> [Problem statement]: Word for word, restate every line of the material.

> [Provided material]:
((

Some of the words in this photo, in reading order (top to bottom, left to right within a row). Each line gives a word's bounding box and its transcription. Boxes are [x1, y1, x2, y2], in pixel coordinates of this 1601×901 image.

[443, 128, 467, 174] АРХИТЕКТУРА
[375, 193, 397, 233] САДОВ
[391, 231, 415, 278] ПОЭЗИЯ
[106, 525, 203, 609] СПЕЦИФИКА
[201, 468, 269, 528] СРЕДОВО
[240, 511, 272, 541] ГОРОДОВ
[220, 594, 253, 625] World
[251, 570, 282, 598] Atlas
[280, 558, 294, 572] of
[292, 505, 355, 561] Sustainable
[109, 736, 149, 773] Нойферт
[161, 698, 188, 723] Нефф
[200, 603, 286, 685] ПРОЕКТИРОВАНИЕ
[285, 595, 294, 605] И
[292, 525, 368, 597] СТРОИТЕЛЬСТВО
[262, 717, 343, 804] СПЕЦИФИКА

))

> [Output of the task]:
Some of the words in this photo, in reading order (top to bottom, left to right within a row). Each line gives a word's bounding box and its transcription. Boxes are [x1, y1, x2, y2], in pixel coordinates of this 1601×901 image.

[443, 128, 467, 174] АРХИТЕКТУРА
[375, 193, 397, 233] САДОВ
[391, 231, 415, 278] ПОЭЗИЯ
[106, 525, 203, 609] СПЕЦИФИКА
[201, 468, 269, 528] СРЕДОВО
[240, 511, 272, 541] ГОРОДОВ
[220, 594, 253, 625] World
[251, 570, 282, 598] Atlas
[280, 558, 294, 572] of
[292, 505, 355, 561] Sustainable
[109, 736, 149, 773] Нойферт
[161, 698, 188, 723] Нефф
[200, 603, 286, 685] ПРОЕКТИРОВАНИЕ
[285, 595, 294, 605] И
[292, 525, 368, 597] СТРОИТЕЛЬСТВО
[262, 717, 343, 804] СПЕЦИФИКА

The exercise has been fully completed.